Table 6. Operator precedence examples
Expression With Parenthesis Result Explanation

1 + 2 * 3

1 + (2 * 3)

7

multiplication is evaluated first

1 + 2 ** 3 * 4

1 + (( 2 ** 3 ) * 4)

33

Exponentiation is evaluated before multiplication and multiplication is evaluated before addition

2 * 2 ** 3 ** 2

2 * (2 ** (3 ** 2))

1024

Exponentiation is evaluated first and from right to left

TRUE or FALSE and FALSE

TRUE or (FALSE and FALSE)

TRUE

and is evaluated first

Functions

There are two types of functions that are usable in an expression that will be distinguished in the following sections: (1) Row-wise functions that apply row-wise to generate a new value from one or multiple values of each input row and (2) Aggregation functions that apply to a whole column to generate a single value that can be used for each evaluated row.
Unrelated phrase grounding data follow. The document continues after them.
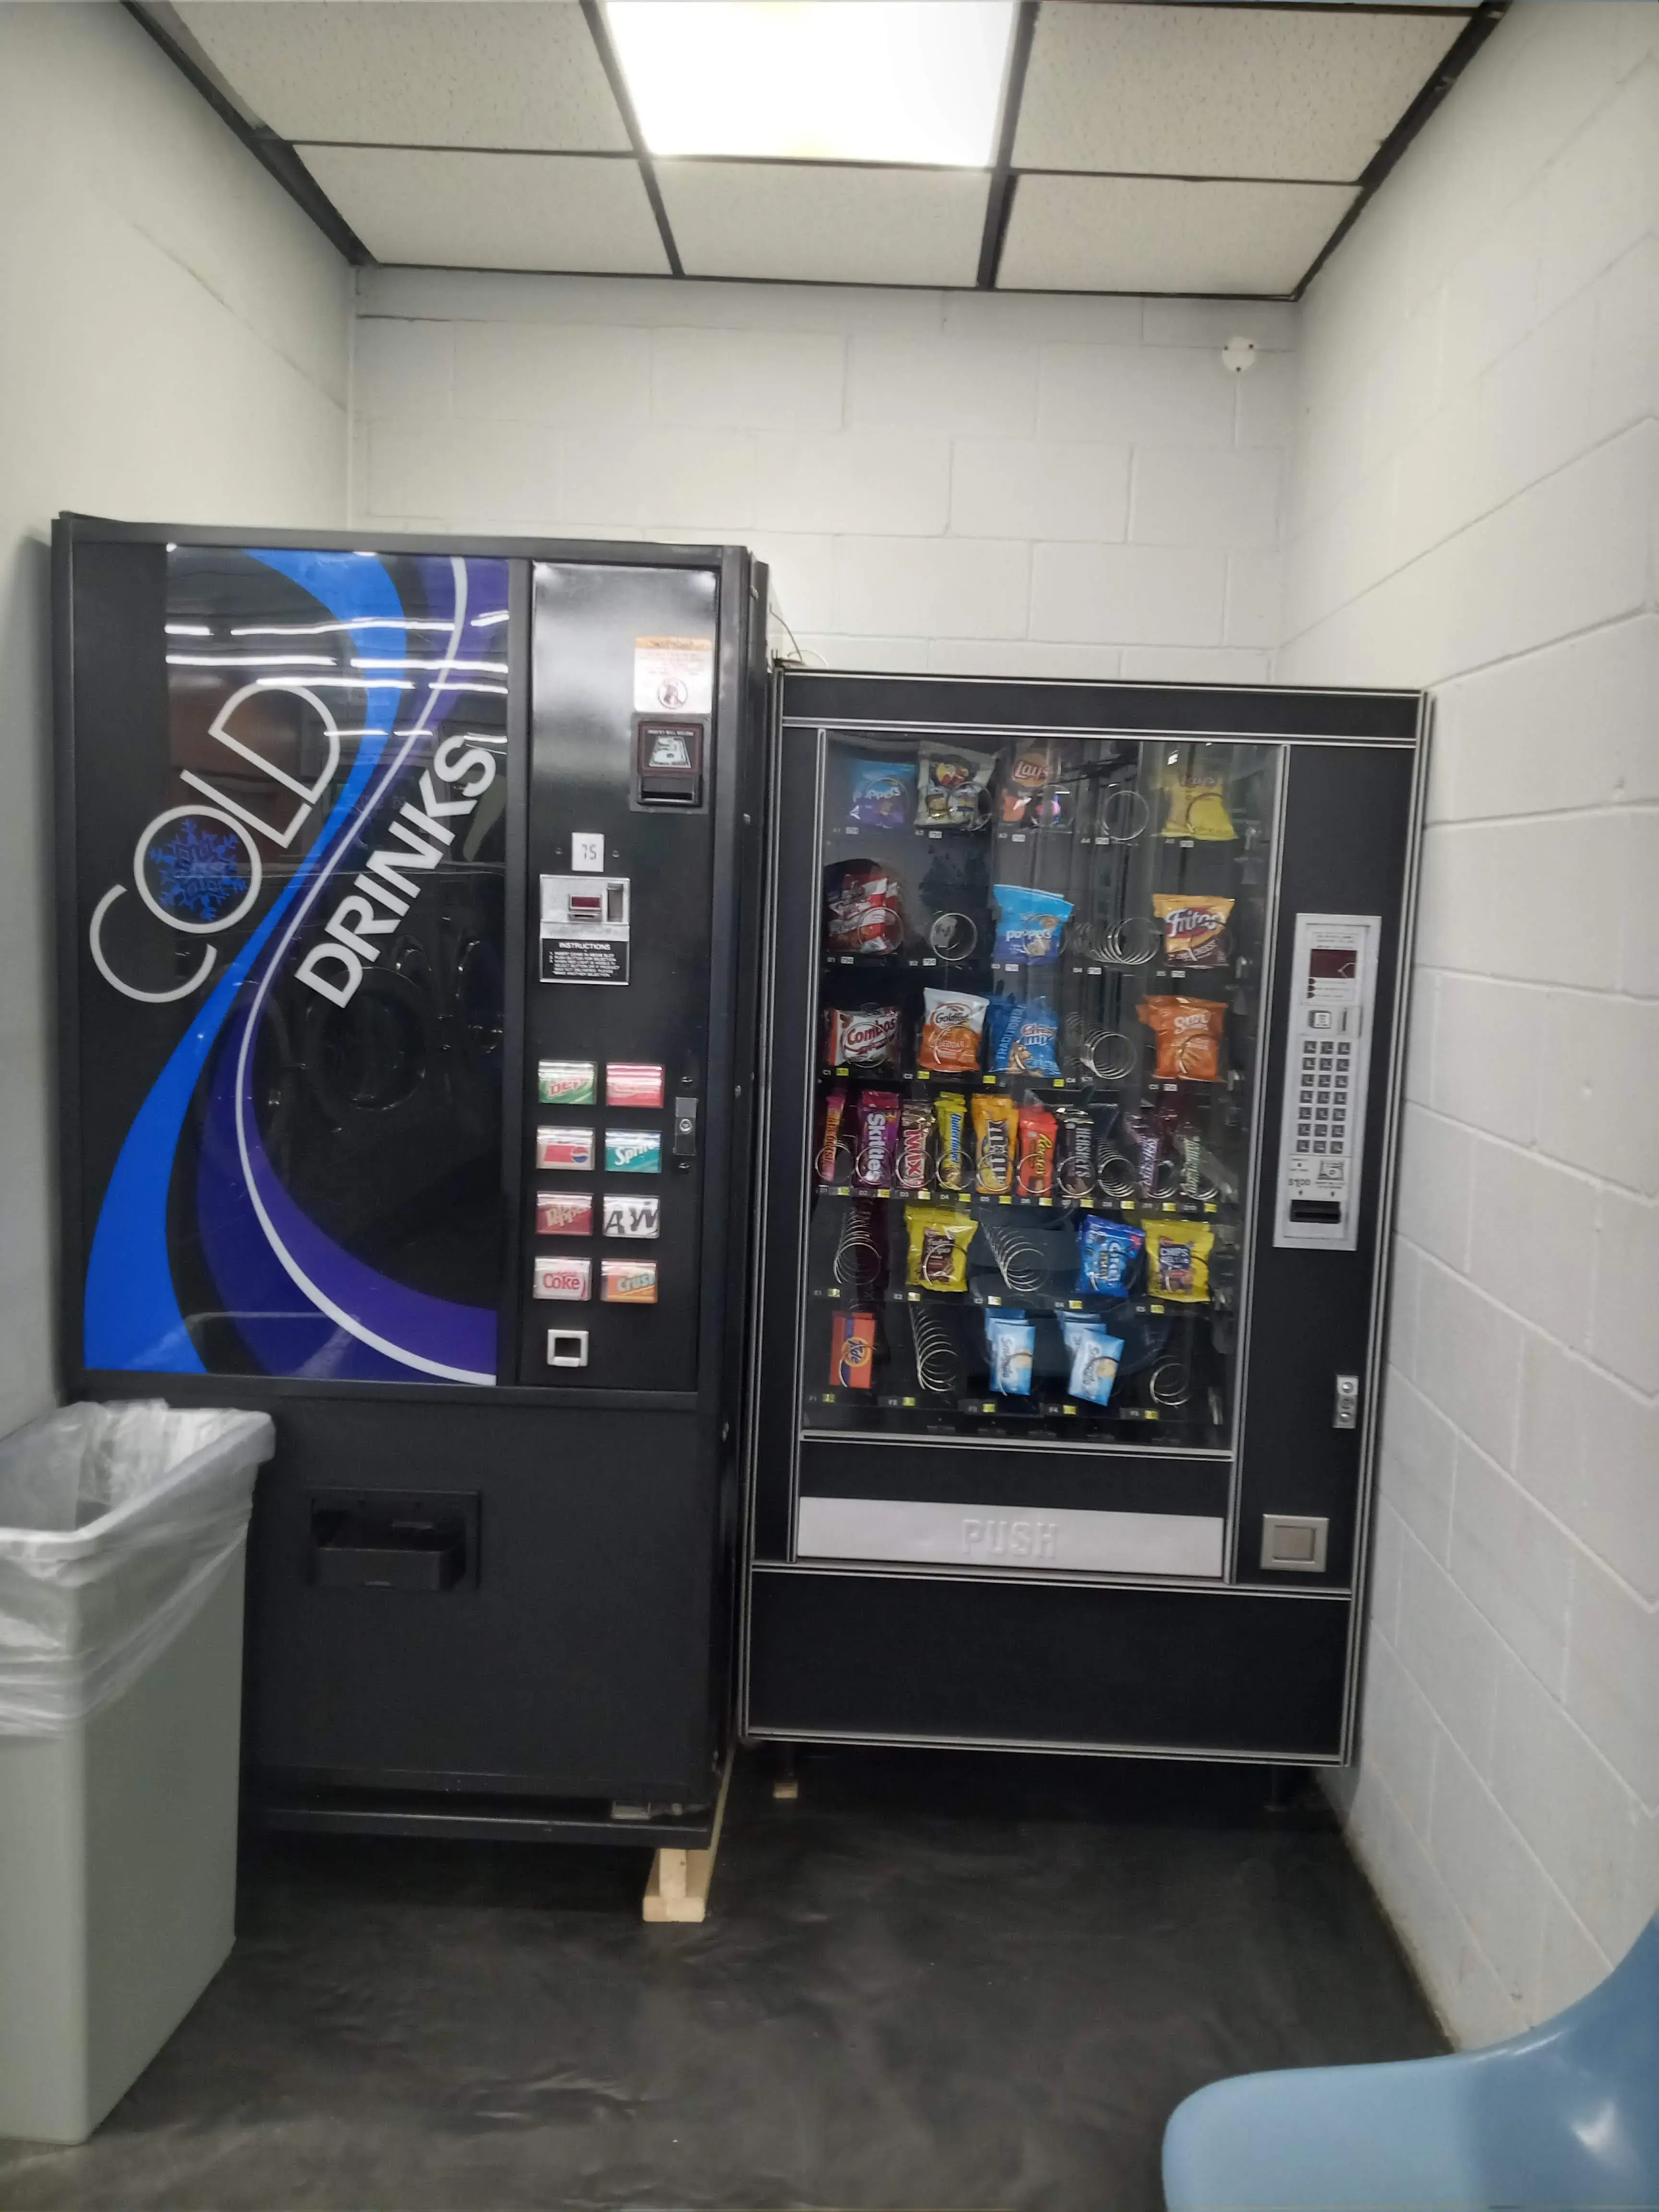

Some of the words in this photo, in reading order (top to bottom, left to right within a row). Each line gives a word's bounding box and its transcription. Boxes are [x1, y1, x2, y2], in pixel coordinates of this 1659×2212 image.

[90, 683, 340, 1003] COLD
[294, 734, 496, 1009] DRINKS
[1164, 908, 1226, 938] Fritos
[559, 941, 611, 951] INSTRUCTIONS
[846, 1017, 898, 1046] Combos
[865, 1113, 887, 1182] Skittles
[543, 1272, 580, 1290] Coke
[962, 1518, 1058, 1558] PUSH
There is a function catalog available in the editor to help with the selection of functions and their arguments by providing detailed descriptions and examples. You will find built-in Constants there, too.

Row-wise functions

Functions evaluated row-wise are always lower-case and calls are made using the function name followed by parentheses containing any arguments:

function_name(arg1, arg2, …​)

Each function has a specific number of arguments and types that it expects. If the arguments do not match the expected types, a type error is raised. The return type of a function is determined by the function itself and is not necessarily the same as the input types.
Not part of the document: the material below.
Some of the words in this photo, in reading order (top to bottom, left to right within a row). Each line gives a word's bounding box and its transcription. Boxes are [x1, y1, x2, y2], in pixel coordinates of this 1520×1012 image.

Every function returns some value and there are no void functions. Functions can be nested, i.e., a function call can be an argument to another function.
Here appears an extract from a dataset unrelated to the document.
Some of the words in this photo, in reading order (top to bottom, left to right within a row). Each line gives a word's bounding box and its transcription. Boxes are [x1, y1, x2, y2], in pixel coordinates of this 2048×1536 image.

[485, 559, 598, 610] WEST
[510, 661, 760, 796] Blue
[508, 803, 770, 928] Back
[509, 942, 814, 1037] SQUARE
If there are multiple arguments, they must be separated by commas. Each argument can be any valid expression. You may optionally include a trailing comma after the last argument.

Examples:

sqrt(4)                                 -> 2
pow(abs(-sqrt(3.14**2)),2)              -> 3.14
if(TRUE, "true branch","false branch")  -> "true branch"

Aggregation functions

Aggregation Functions are a special set of functions prefixed with COLUMN_ that calculate aggregations over whole columns, such as their minimum, maximum, or mean values, for example, COLUMN_MIN("Column Name") .

The aggregation functions take a string literal "Column name" instead of a value from a row ($["column name"] or $column_name) as input.

In aggregation functions we offer to provide arguments positionally and by name of the argument. Positional arguments are always first, followed by named arguments. Named arguments are always provided as arg_name=value.

Let’s illustrate that for the aggregation function COLUMN_AVERAGE(column, ignore_nan)

  • Only positional arguments: COLUMN_AVERAGE("Column Name", TRUE)

  • Only named arguments: COLUMN_AVERAGE(column="Column Name",ignore_nan=TRUE)

  • Mixed arguments: COLUMN_AVERAGE("Column Name", ignore_nan=TRUE,)

Constants

The KNIME Expression Language provides a set of predefined constants that can be used in expressions. These constants are used to represent common mathematical values and special values. The following constants are predefined and can be used in expressions:

Table 7. Constants
Name Symbol Type Description

Truth value

TRUE

BOOLEAN

The boolean value true.

False value

FALSE

BOOLEAN

The boolean value false.

Euler’s number e

E

FLOAT

Euler’s number, ~2.71828, used as the base of natural logarithms and in exponential functions.

Pi or π

PI

FLOAT

The constant Pi, ~3.14159, the ratio of a circle’s circumference to its diameter.

Positive Infinity

INFINITY

FLOAT

A special constant representing positive infinity.

Not a Number

NaN

FLOAT

A special constant representing "Not a Number".

Smallest positive float

TINY_FLOAT

FLOAT

The smallest positive float value representable by this computer.

Largest positive float

MAX_FLOAT

FLOAT

The largest positive value that can be represented as a FLOAT.

Smallest negative float

MIN_FLOAT

FLOAT

The smallest negative value that can be represented as a FLOAT.

Largest positive integer

MAX_INTEGER

INTEGER

The largest positive value that can be represented as an INTEGER.

Smallest negative integer

MIN_INTEGER

INTEGER

The smallest negative value that can be represented as an INTEGER.

Missing value

MISSING

MISSING

A special constant representing a missing value.